*** Opening of GIVEN RECORDS ***

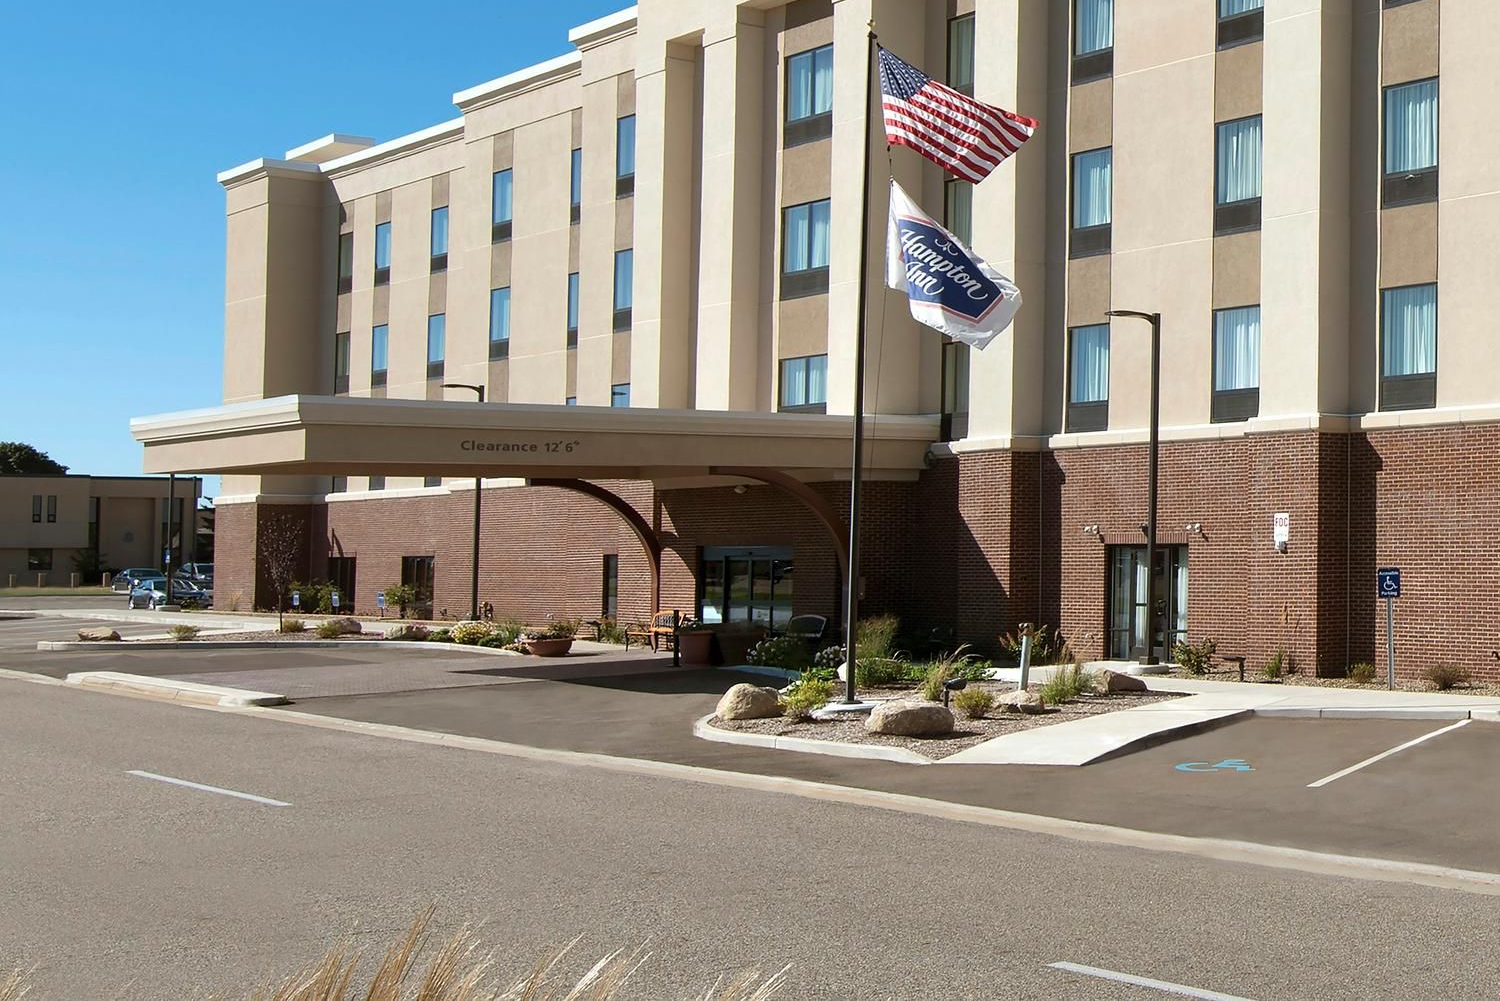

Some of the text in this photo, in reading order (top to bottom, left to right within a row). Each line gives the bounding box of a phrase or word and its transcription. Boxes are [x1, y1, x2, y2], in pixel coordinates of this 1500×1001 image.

[900, 229, 988, 300] Hampton
[905, 261, 945, 296] Inn
[460, 440, 538, 452] Clearance
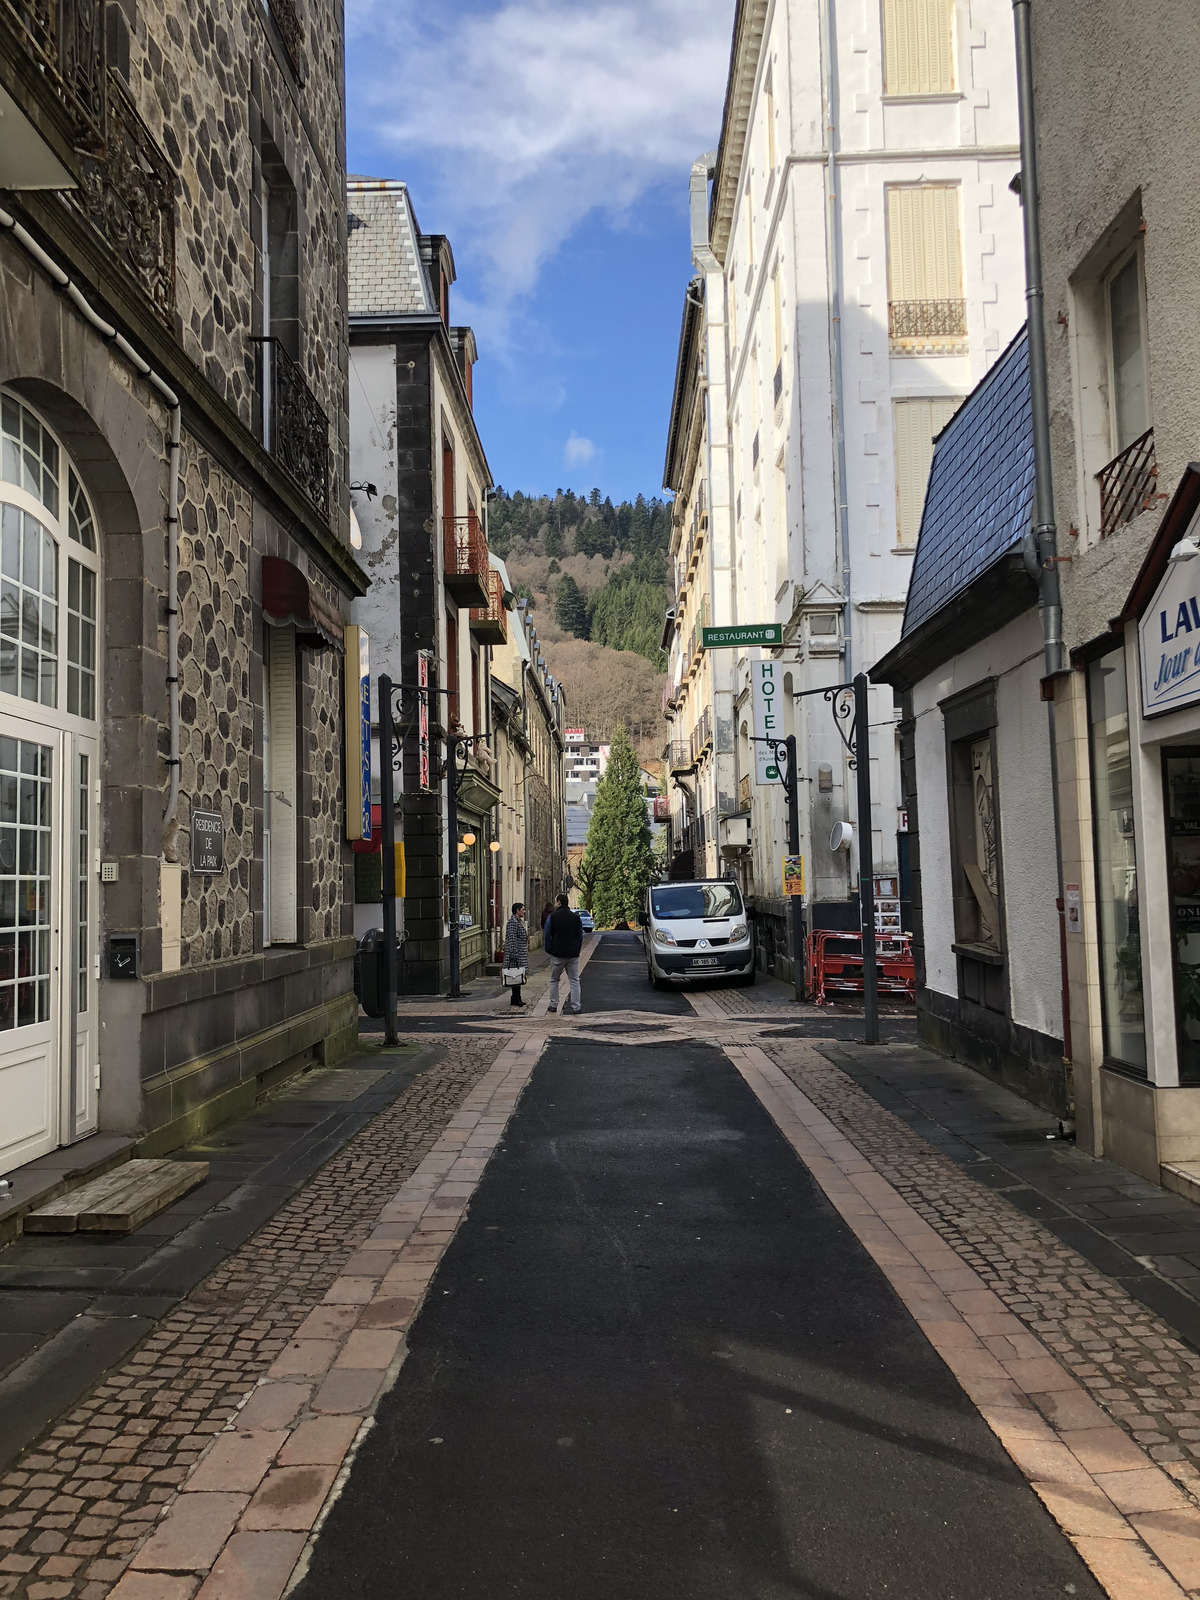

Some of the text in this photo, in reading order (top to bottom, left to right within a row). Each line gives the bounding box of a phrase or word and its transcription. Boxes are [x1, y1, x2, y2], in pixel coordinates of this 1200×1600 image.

[707, 630, 764, 642] RESTAURANT
[1153, 646, 1191, 691] Jour
[761, 663, 776, 747] HOTEL
[420, 657, 428, 786] BAR
[195, 818, 221, 834] RESIDENCE
[205, 837, 212, 850] DE
[200, 855, 217, 868] LA PAIX
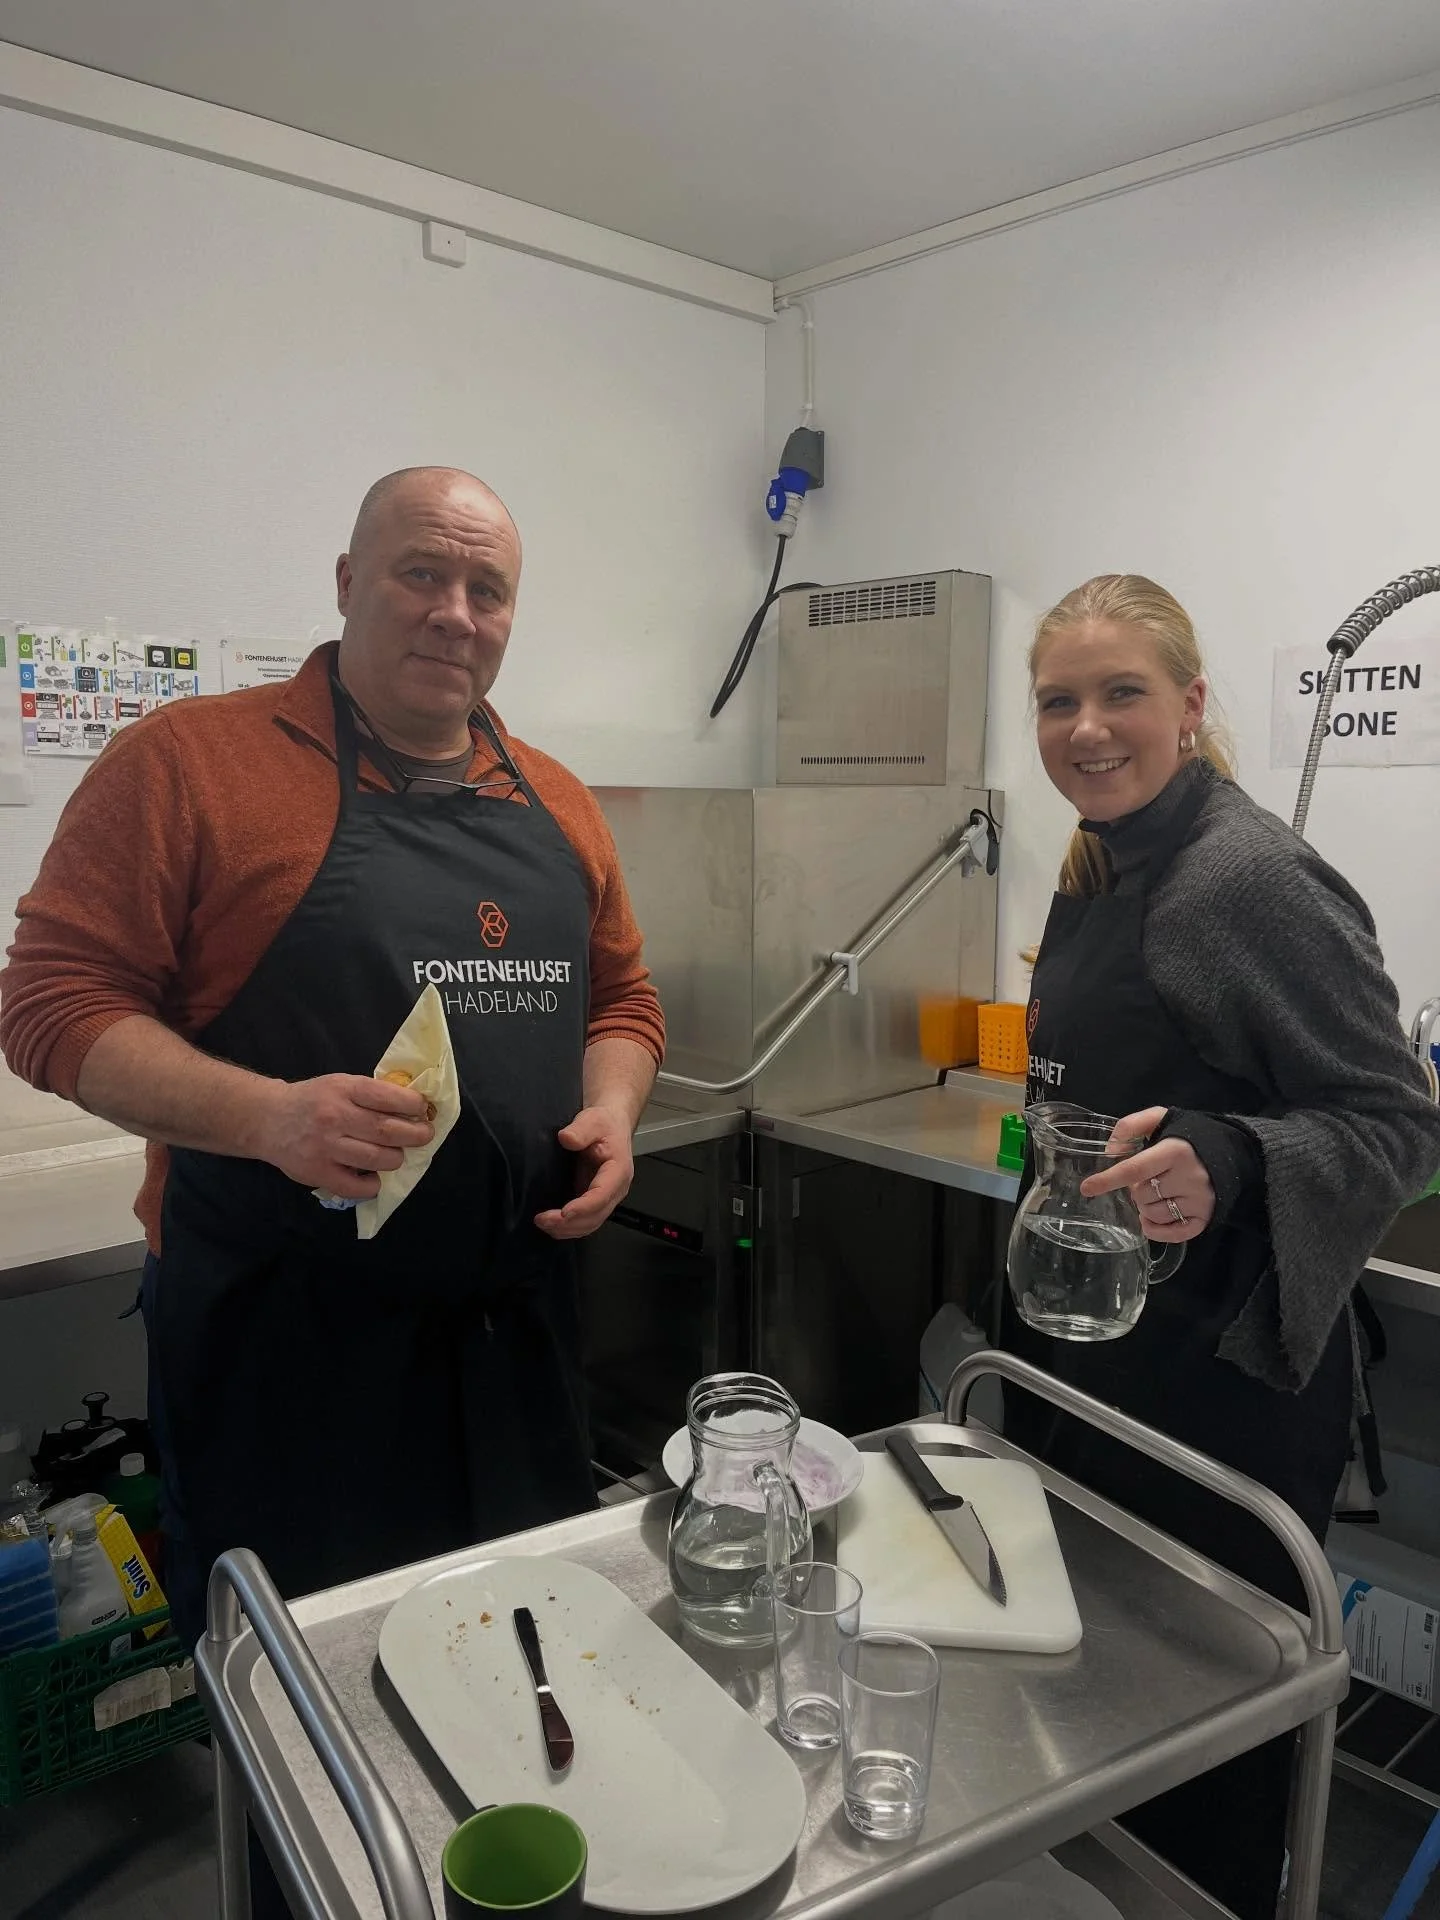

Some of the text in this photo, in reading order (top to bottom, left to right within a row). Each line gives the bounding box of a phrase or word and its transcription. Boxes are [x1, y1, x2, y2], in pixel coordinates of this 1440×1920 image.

[244, 654, 287, 663] FONTENEHUSET
[412, 959, 572, 984] FONTENEHUSET
[445, 990, 558, 1015] HADELAND
[121, 1553, 151, 1599] Svint

*** Close of GIVEN RECORDS ***

## [TASK INSTRUCTIONS]
Every word of the material above should be copied exactly; no pictures.

## [OUTPUT FOR THIS TASK]
Some of the text in this photo, in reading order (top to bottom, left to right within a row). Each line gives the bounding box of a phrase or word and its transcription. Boxes are [x1, y1, x2, y2], in pixel coordinates of this 1500×1001 image.

[900, 229, 988, 300] Hampton
[905, 261, 945, 296] Inn
[460, 440, 538, 452] Clearance

Some of the text in this photo, in reading order (top to bottom, left to right within a row). Each line gives the bounding box of a phrase or word and its transcription. Boxes are [x1, y1, x2, y2], in pixel coordinates of this 1200×1600 image.

[707, 630, 764, 642] RESTAURANT
[1153, 646, 1191, 691] Jour
[761, 663, 776, 747] HOTEL
[420, 657, 428, 786] BAR
[195, 818, 221, 834] RESIDENCE
[205, 837, 212, 850] DE
[200, 855, 217, 868] LA PAIX

Some of the text in this photo, in reading order (top to bottom, left to right within a row). Each line gives the bounding box of a phrase or word and its transcription. Boxes are [x1, y1, x2, y2], in pixel coordinates of this 1440×1920 image.

[244, 654, 287, 663] FONTENEHUSET
[412, 959, 572, 984] FONTENEHUSET
[445, 990, 558, 1015] HADELAND
[121, 1553, 151, 1599] Svint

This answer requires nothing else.